> [TASK DETAILS]:
Every line from the one with "Some of the text" to the final line of the listing below should be repeated exactly, and only those.

> [GIVEN RECORDS]:
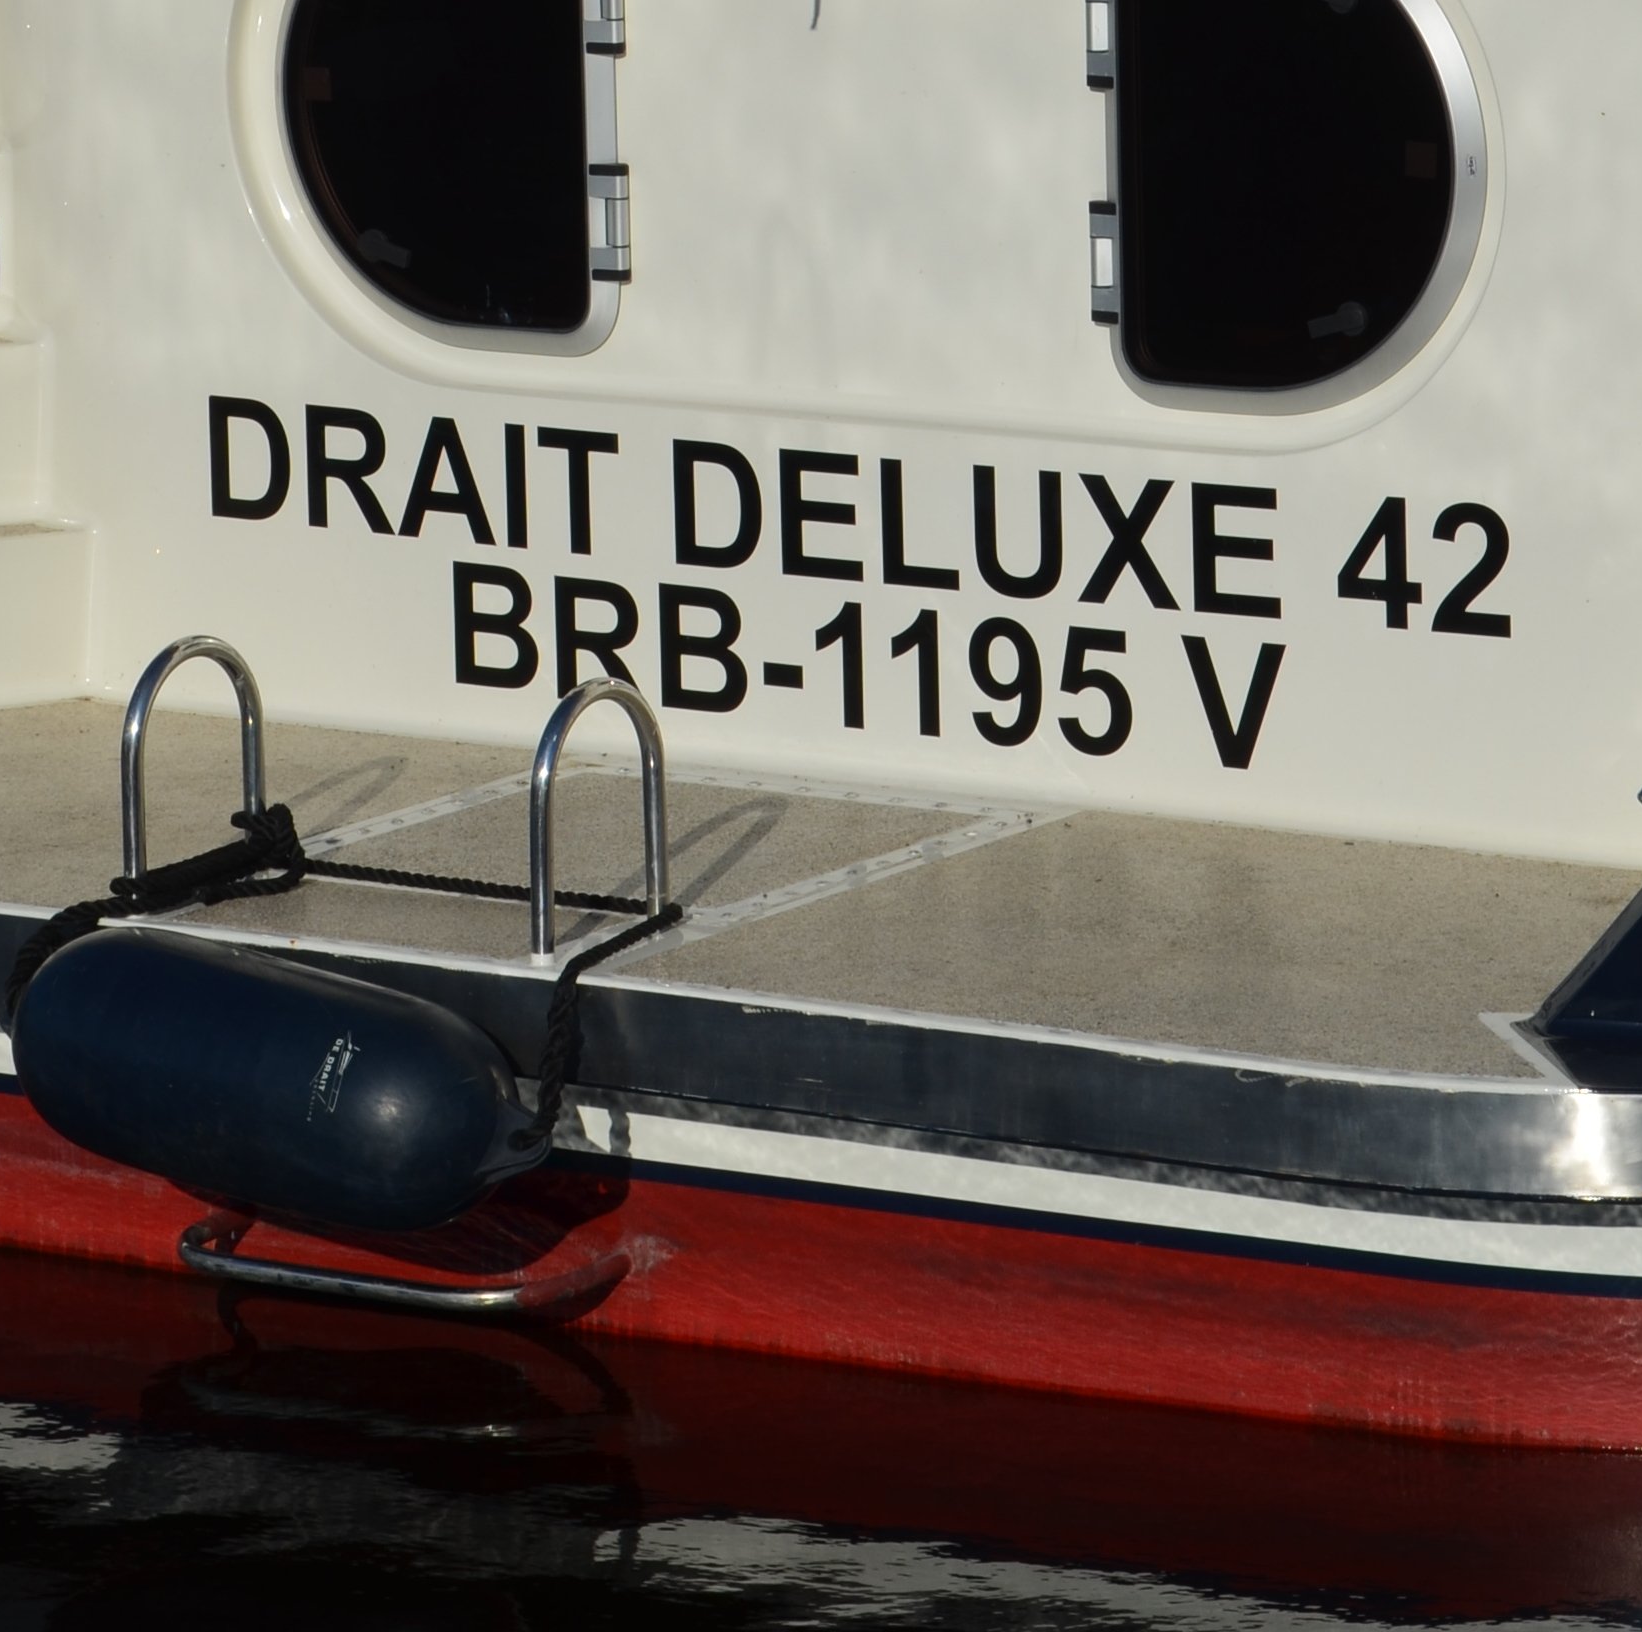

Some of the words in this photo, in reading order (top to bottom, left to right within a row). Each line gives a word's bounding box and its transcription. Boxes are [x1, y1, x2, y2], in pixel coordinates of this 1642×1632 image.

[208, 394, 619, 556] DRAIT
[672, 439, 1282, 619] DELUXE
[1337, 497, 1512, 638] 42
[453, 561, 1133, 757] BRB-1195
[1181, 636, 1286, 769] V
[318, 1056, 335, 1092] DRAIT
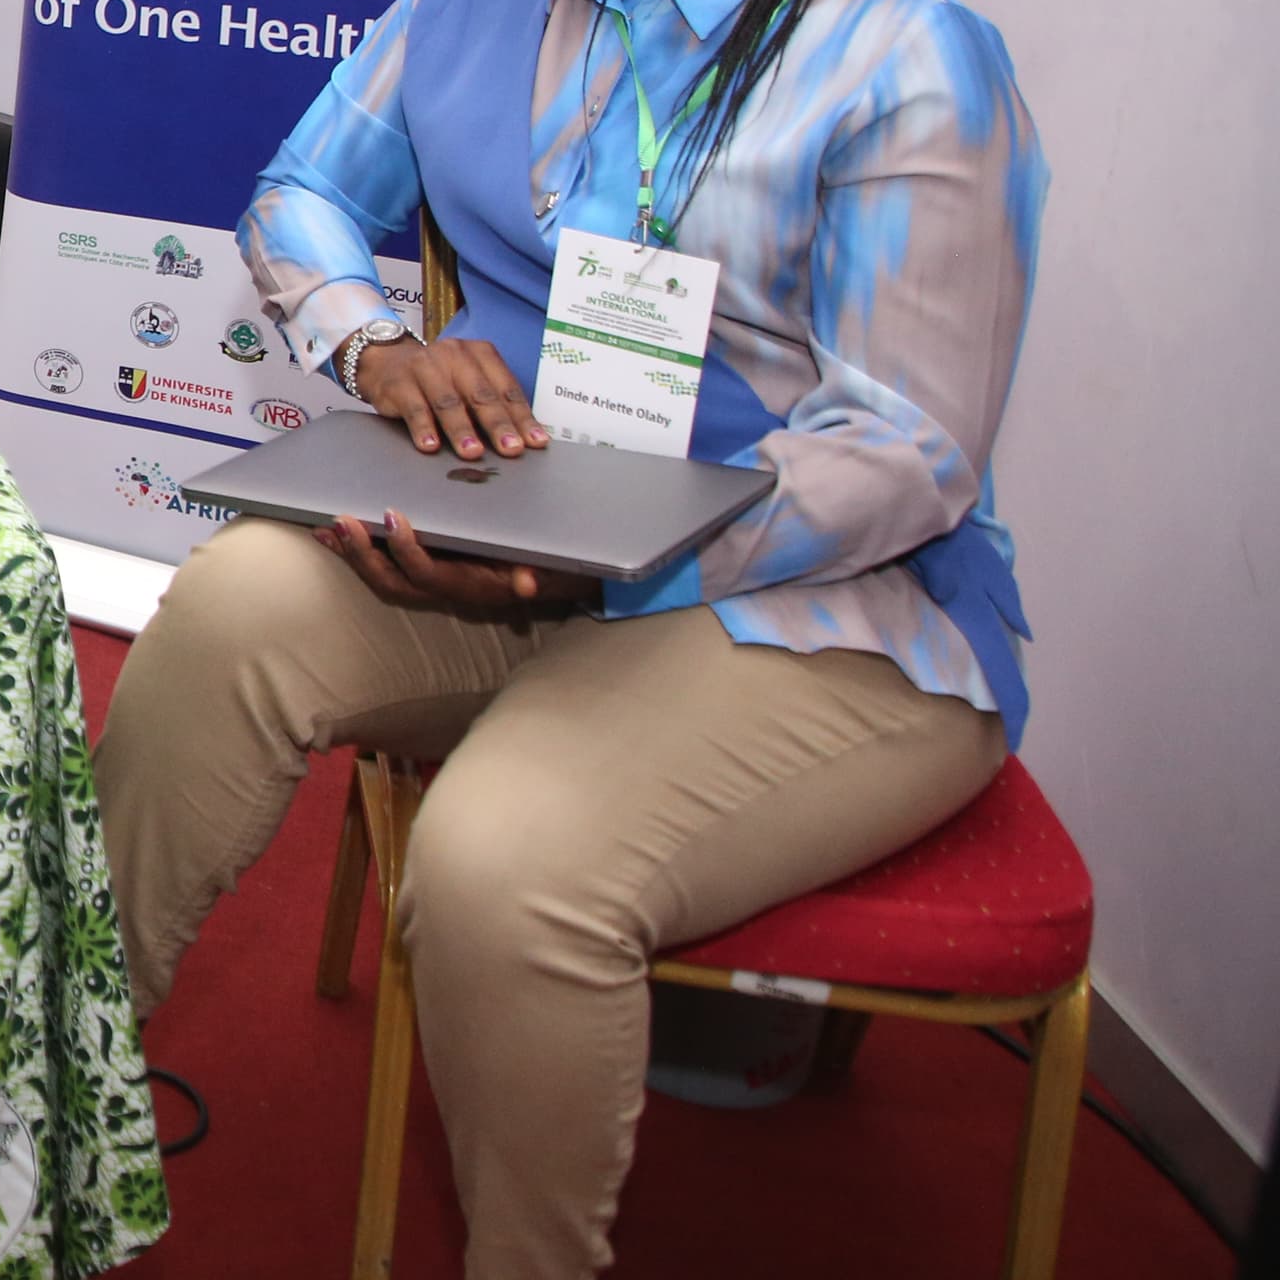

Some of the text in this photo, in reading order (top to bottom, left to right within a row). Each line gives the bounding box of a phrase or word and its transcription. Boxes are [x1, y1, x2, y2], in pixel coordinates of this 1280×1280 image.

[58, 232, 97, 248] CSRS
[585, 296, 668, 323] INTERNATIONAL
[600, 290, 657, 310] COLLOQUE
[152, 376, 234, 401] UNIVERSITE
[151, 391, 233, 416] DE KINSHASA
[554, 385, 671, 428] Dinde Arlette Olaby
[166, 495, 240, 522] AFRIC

> [ANSWER FOR THE TASK]:
Some of the text in this photo, in reading order (top to bottom, left to right within a row). Each line gives the bounding box of a phrase or word and its transcription. Boxes are [x1, y1, x2, y2], in pixel coordinates of this 1280×1280 image.

[58, 232, 97, 248] CSRS
[585, 296, 668, 323] INTERNATIONAL
[600, 290, 657, 310] COLLOQUE
[152, 376, 234, 401] UNIVERSITE
[151, 391, 233, 416] DE KINSHASA
[554, 385, 671, 428] Dinde Arlette Olaby
[166, 495, 240, 522] AFRIC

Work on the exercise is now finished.